PROBLEM TO SOLVE:
Every entry that follows should be written out again exactly.

RECORDS FOR PROCESSING:
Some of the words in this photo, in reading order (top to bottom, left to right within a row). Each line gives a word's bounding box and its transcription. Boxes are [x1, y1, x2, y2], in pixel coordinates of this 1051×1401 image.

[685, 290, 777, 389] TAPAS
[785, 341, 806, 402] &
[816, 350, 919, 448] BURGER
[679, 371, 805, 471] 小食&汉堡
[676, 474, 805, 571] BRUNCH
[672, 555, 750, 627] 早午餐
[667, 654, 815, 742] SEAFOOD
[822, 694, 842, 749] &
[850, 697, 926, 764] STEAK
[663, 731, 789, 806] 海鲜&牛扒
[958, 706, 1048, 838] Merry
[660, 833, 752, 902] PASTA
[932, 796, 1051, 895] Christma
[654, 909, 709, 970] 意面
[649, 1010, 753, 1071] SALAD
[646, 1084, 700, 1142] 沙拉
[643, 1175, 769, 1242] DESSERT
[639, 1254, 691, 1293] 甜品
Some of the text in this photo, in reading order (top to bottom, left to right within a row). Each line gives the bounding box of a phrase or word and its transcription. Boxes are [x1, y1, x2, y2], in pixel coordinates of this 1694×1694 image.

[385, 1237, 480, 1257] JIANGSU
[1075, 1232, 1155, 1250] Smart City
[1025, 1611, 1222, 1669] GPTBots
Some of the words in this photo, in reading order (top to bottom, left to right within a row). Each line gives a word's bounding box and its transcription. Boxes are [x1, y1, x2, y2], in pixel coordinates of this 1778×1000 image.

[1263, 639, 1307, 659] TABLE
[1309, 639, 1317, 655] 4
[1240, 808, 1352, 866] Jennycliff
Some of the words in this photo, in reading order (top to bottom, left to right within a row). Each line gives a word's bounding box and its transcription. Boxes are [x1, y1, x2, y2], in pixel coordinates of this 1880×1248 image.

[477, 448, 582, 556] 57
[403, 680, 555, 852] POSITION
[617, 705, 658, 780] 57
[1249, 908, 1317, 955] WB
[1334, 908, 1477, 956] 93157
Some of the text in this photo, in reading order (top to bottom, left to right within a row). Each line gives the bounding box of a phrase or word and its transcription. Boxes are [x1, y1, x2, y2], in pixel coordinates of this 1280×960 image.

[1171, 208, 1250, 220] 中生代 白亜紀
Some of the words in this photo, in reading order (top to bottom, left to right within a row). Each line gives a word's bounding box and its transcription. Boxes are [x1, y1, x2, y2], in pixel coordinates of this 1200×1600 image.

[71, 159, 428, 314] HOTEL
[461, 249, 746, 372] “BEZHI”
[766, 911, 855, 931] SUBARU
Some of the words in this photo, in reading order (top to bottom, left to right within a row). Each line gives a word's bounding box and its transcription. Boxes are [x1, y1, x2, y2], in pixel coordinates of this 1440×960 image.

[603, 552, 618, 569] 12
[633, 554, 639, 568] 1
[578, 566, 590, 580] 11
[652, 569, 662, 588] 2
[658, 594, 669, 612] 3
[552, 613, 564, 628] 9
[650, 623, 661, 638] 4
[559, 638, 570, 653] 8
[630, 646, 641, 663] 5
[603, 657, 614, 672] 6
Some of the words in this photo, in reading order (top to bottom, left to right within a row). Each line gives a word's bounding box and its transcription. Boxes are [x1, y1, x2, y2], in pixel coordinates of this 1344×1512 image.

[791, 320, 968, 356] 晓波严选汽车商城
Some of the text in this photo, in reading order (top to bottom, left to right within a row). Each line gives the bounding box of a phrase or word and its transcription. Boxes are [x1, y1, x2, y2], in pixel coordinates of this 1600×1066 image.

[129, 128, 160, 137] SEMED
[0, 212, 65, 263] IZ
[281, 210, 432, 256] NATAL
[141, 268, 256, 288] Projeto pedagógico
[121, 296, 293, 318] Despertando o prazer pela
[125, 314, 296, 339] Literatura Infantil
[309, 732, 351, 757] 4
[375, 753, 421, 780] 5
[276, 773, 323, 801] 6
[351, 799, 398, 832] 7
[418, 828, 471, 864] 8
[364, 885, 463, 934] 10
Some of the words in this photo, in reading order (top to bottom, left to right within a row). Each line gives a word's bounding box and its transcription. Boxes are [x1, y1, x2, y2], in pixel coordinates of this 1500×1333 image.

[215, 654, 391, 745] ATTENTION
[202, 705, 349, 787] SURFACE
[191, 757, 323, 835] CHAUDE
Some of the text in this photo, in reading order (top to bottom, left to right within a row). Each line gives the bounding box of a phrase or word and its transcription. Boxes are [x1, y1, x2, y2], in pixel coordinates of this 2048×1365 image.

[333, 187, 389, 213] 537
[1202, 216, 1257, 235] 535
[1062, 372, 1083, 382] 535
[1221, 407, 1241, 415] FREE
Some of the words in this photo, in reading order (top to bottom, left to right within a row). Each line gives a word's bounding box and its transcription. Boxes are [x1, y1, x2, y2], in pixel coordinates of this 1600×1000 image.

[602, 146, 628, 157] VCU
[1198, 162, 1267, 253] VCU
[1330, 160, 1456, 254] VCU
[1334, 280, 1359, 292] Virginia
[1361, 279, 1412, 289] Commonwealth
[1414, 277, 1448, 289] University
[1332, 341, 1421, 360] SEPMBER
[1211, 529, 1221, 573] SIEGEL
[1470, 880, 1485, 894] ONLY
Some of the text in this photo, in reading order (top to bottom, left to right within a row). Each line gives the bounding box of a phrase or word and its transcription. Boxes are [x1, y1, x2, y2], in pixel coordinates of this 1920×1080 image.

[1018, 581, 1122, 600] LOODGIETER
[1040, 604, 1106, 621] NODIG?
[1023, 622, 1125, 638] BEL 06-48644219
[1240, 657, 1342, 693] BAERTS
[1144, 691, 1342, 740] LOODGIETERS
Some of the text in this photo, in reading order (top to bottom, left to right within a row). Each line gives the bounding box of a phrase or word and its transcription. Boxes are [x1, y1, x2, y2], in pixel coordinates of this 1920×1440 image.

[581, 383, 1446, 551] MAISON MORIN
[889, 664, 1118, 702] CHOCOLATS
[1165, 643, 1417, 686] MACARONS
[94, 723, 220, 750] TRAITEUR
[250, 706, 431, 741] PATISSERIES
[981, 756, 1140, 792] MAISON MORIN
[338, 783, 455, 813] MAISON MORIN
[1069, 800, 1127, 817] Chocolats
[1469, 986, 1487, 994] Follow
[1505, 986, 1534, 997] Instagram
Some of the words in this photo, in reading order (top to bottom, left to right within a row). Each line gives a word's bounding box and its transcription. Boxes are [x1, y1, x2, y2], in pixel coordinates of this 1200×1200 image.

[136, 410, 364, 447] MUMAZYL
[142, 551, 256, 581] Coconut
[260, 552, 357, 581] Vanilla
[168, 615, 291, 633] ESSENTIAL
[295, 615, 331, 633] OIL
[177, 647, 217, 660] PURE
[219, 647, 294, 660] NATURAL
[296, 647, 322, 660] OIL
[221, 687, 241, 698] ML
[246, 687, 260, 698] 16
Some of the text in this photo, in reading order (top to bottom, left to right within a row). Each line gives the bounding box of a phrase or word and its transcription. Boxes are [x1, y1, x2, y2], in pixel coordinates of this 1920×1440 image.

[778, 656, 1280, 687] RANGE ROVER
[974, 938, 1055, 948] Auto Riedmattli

WRITTEN RESPONSE:
Some of the words in this photo, in reading order (top to bottom, left to right within a row). Each line gives a word's bounding box and its transcription. Boxes are [x1, y1, x2, y2], in pixel coordinates of this 1051×1401 image.

[685, 290, 777, 389] TAPAS
[785, 341, 806, 402] &
[816, 350, 919, 448] BURGER
[679, 371, 805, 471] 小食&汉堡
[676, 474, 805, 571] BRUNCH
[672, 555, 750, 627] 早午餐
[667, 654, 815, 742] SEAFOOD
[822, 694, 842, 749] &
[850, 697, 926, 764] STEAK
[663, 731, 789, 806] 海鲜&牛扒
[958, 706, 1048, 838] Merry
[660, 833, 752, 902] PASTA
[932, 796, 1051, 895] Christma
[654, 909, 709, 970] 意面
[649, 1010, 753, 1071] SALAD
[646, 1084, 700, 1142] 沙拉
[643, 1175, 769, 1242] DESSERT
[639, 1254, 691, 1293] 甜品
Some of the text in this photo, in reading order (top to bottom, left to right within a row). Each line gives the bounding box of a phrase or word and its transcription. Boxes are [x1, y1, x2, y2], in pixel coordinates of this 1694×1694 image.

[385, 1237, 480, 1257] JIANGSU
[1075, 1232, 1155, 1250] Smart City
[1025, 1611, 1222, 1669] GPTBots
Some of the words in this photo, in reading order (top to bottom, left to right within a row). Each line gives a word's bounding box and its transcription. Boxes are [x1, y1, x2, y2], in pixel coordinates of this 1778×1000 image.

[1263, 639, 1307, 659] TABLE
[1309, 639, 1317, 655] 4
[1240, 808, 1352, 866] Jennycliff
Some of the words in this photo, in reading order (top to bottom, left to right within a row). Each line gives a word's bounding box and its transcription. Boxes are [x1, y1, x2, y2], in pixel coordinates of this 1880×1248 image.

[477, 448, 582, 556] 57
[403, 680, 555, 852] POSITION
[617, 705, 658, 780] 57
[1249, 908, 1317, 955] WB
[1334, 908, 1477, 956] 93157
Some of the text in this photo, in reading order (top to bottom, left to right within a row). Each line gives the bounding box of a phrase or word and its transcription. Boxes are [x1, y1, x2, y2], in pixel coordinates of this 1280×960 image.

[1171, 208, 1250, 220] 中生代 白亜紀
Some of the words in this photo, in reading order (top to bottom, left to right within a row). Each line gives a word's bounding box and its transcription. Boxes are [x1, y1, x2, y2], in pixel coordinates of this 1200×1600 image.

[71, 159, 428, 314] HOTEL
[461, 249, 746, 372] “BEZHI”
[766, 911, 855, 931] SUBARU
Some of the words in this photo, in reading order (top to bottom, left to right within a row). Each line gives a word's bounding box and its transcription. Boxes are [x1, y1, x2, y2], in pixel coordinates of this 1440×960 image.

[603, 552, 618, 569] 12
[633, 554, 639, 568] 1
[578, 566, 590, 580] 11
[652, 569, 662, 588] 2
[658, 594, 669, 612] 3
[552, 613, 564, 628] 9
[650, 623, 661, 638] 4
[559, 638, 570, 653] 8
[630, 646, 641, 663] 5
[603, 657, 614, 672] 6
Some of the words in this photo, in reading order (top to bottom, left to right within a row). Each line gives a word's bounding box and its transcription. Boxes are [x1, y1, x2, y2], in pixel coordinates of this 1344×1512 image.

[791, 320, 968, 356] 晓波严选汽车商城
Some of the text in this photo, in reading order (top to bottom, left to right within a row). Each line gives the bounding box of a phrase or word and its transcription. Boxes are [x1, y1, x2, y2], in pixel coordinates of this 1600×1066 image.

[129, 128, 160, 137] SEMED
[0, 212, 65, 263] IZ
[281, 210, 432, 256] NATAL
[141, 268, 256, 288] Projeto pedagógico
[121, 296, 293, 318] Despertando o prazer pela
[125, 314, 296, 339] Literatura Infantil
[309, 732, 351, 757] 4
[375, 753, 421, 780] 5
[276, 773, 323, 801] 6
[351, 799, 398, 832] 7
[418, 828, 471, 864] 8
[364, 885, 463, 934] 10
Some of the words in this photo, in reading order (top to bottom, left to right within a row). Each line gives a word's bounding box and its transcription. Boxes are [x1, y1, x2, y2], in pixel coordinates of this 1500×1333 image.

[215, 654, 391, 745] ATTENTION
[202, 705, 349, 787] SURFACE
[191, 757, 323, 835] CHAUDE
Some of the text in this photo, in reading order (top to bottom, left to right within a row). Each line gives the bounding box of a phrase or word and its transcription. Boxes are [x1, y1, x2, y2], in pixel coordinates of this 2048×1365 image.

[333, 187, 389, 213] 537
[1202, 216, 1257, 235] 535
[1062, 372, 1083, 382] 535
[1221, 407, 1241, 415] FREE
Some of the words in this photo, in reading order (top to bottom, left to right within a row). Each line gives a word's bounding box and its transcription. Boxes are [x1, y1, x2, y2], in pixel coordinates of this 1600×1000 image.

[602, 146, 628, 157] VCU
[1198, 162, 1267, 253] VCU
[1330, 160, 1456, 254] VCU
[1334, 280, 1359, 292] Virginia
[1361, 279, 1412, 289] Commonwealth
[1414, 277, 1448, 289] University
[1332, 341, 1421, 360] SEPMBER
[1211, 529, 1221, 573] SIEGEL
[1470, 880, 1485, 894] ONLY
Some of the text in this photo, in reading order (top to bottom, left to right within a row). Each line gives the bounding box of a phrase or word and its transcription. Boxes are [x1, y1, x2, y2], in pixel coordinates of this 1920×1080 image.

[1018, 581, 1122, 600] LOODGIETER
[1040, 604, 1106, 621] NODIG?
[1023, 622, 1125, 638] BEL 06-48644219
[1240, 657, 1342, 693] BAERTS
[1144, 691, 1342, 740] LOODGIETERS
Some of the text in this photo, in reading order (top to bottom, left to right within a row). Each line gives the bounding box of a phrase or word and its transcription. Boxes are [x1, y1, x2, y2], in pixel coordinates of this 1920×1440 image.

[581, 383, 1446, 551] MAISON MORIN
[889, 664, 1118, 702] CHOCOLATS
[1165, 643, 1417, 686] MACARONS
[94, 723, 220, 750] TRAITEUR
[250, 706, 431, 741] PATISSERIES
[981, 756, 1140, 792] MAISON MORIN
[338, 783, 455, 813] MAISON MORIN
[1069, 800, 1127, 817] Chocolats
[1469, 986, 1487, 994] Follow
[1505, 986, 1534, 997] Instagram
Some of the words in this photo, in reading order (top to bottom, left to right within a row). Each line gives a word's bounding box and its transcription. Boxes are [x1, y1, x2, y2], in pixel coordinates of this 1200×1200 image.

[136, 410, 364, 447] MUMAZYL
[142, 551, 256, 581] Coconut
[260, 552, 357, 581] Vanilla
[168, 615, 291, 633] ESSENTIAL
[295, 615, 331, 633] OIL
[177, 647, 217, 660] PURE
[219, 647, 294, 660] NATURAL
[296, 647, 322, 660] OIL
[221, 687, 241, 698] ML
[246, 687, 260, 698] 16
Some of the text in this photo, in reading order (top to bottom, left to right within a row). Each line gives the bounding box of a phrase or word and its transcription. Boxes are [x1, y1, x2, y2], in pixel coordinates of this 1920×1440 image.

[778, 656, 1280, 687] RANGE ROVER
[974, 938, 1055, 948] Auto Riedmattli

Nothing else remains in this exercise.